How could it not be, given the propensity of elite media outlets like The New York Times to squeeze a narrative of moral equivalence out of facts that plainly tell a different story?
A July 24Times article, “Israel Says That Hamas Uses Civilian Shields, Reviving Debate,” is instructive. Start with the following extraordinary commentary (and keep in mind this was a front-page news story, not an opinion piece or editorial):
With international condemnation rising over the death toll in Gaza exceeding 650 in the war’s 16th day, Israel points to its adversaries’ practice of embedding forces throughout the crowded, impoverished coastal enclave of 1.7 million people.
“Hamas uses schools, residential buildings, mosques and hospitals to fire rockets at Israeli civilians,” Prime Minister Benjamin Netanyahu told his Canadian counterpart in a call over the weekend, according to a statement from Mr. Netanyahu’s office. “Hamas uses innocent civilians as a human shield for terrorist activity.”
Nothing is ever so clear in the complex and often brutal calculus of urban warfare. There is no evidence that Hamas and other militants force civilians to stay in areas that are under attack – the legal definition of a human shield under international law. But it is indisputable that Gaza militants operate in civilian areas, draw return fire to civilian structures, and on some level benefit in the diplomatic arena from the rising casualties. They also have at times encouraged residents not to flee their homes when alerted by Israel to a pending strike and, having prepared extensively for war, did not build civilian bomb shelters.

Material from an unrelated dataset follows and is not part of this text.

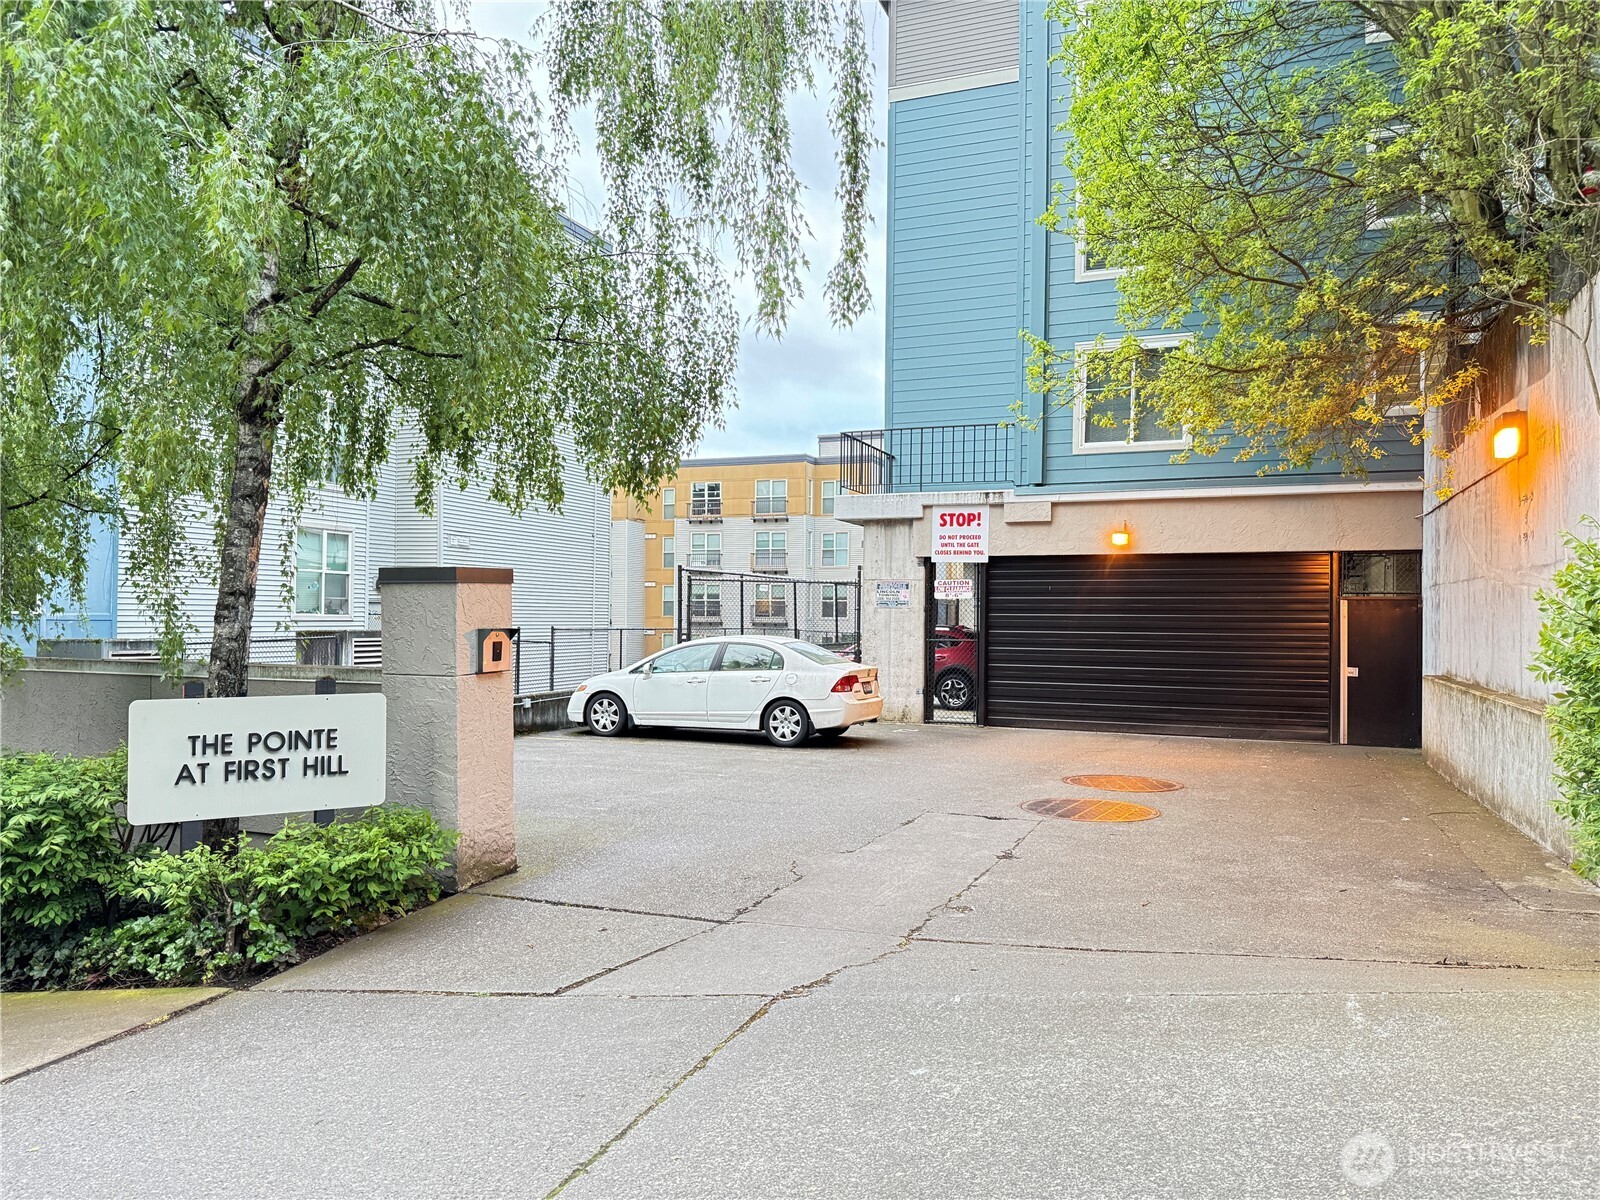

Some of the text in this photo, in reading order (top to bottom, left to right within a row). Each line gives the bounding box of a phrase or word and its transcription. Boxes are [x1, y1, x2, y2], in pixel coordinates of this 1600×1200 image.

Despite the snarky headline – “Israel Says That Hamas Uses Civilian Shields” followed by the curious reference to a “debate” – the story itself acknowledges, after a bit of hemming and hawing, that Hamas does count civilians as part of its war arsenal. Yet the article still labors to convey the idea that it is not at all clear Hamas is guilty of using human shields. It’s a transparent effort, by way of technical definition, to blunt Hamas’s undeniable practice of using civilians.
In an interview on CNN this last Sunday, Prime Minister Netanyahu put a finer point on the issue, asking the interviewer,
[S]o, what would you do? Would you say, all right, we can’t do anything because they are hiding behind civilians? That is their whole strategy. You would actually give them immunity. You would give terrorist organizations a powerful weapon if you say that democracies, a legitimate democracy cannot act against a terror organization because it is using civilians as a human shield, and therefore it should absorb attacks on its own civilians, on its own forces.
You are giving them a tremendous victory…. I think you want to minimize, as we do in any way we can, civilian casualties. And we don’t target civilians. But you don’t want to give the terrorists the immunity because they use civilians as a human shield…. I don’t think Americans or Europeans or Asians or anyone else would want to have this established as a general principle.
The logic is surely compelling. Plainly, no nation or nations can act differently from Israel in such circumstances except at their great peril. And while the images of dead and suffering civilians are difficult to take, can any fair-minded person say Israel should not defend itself against terrorist aggression because civilians will inevitably pay a price, however unintended on Israel’s part, for the actions of their elected rulers?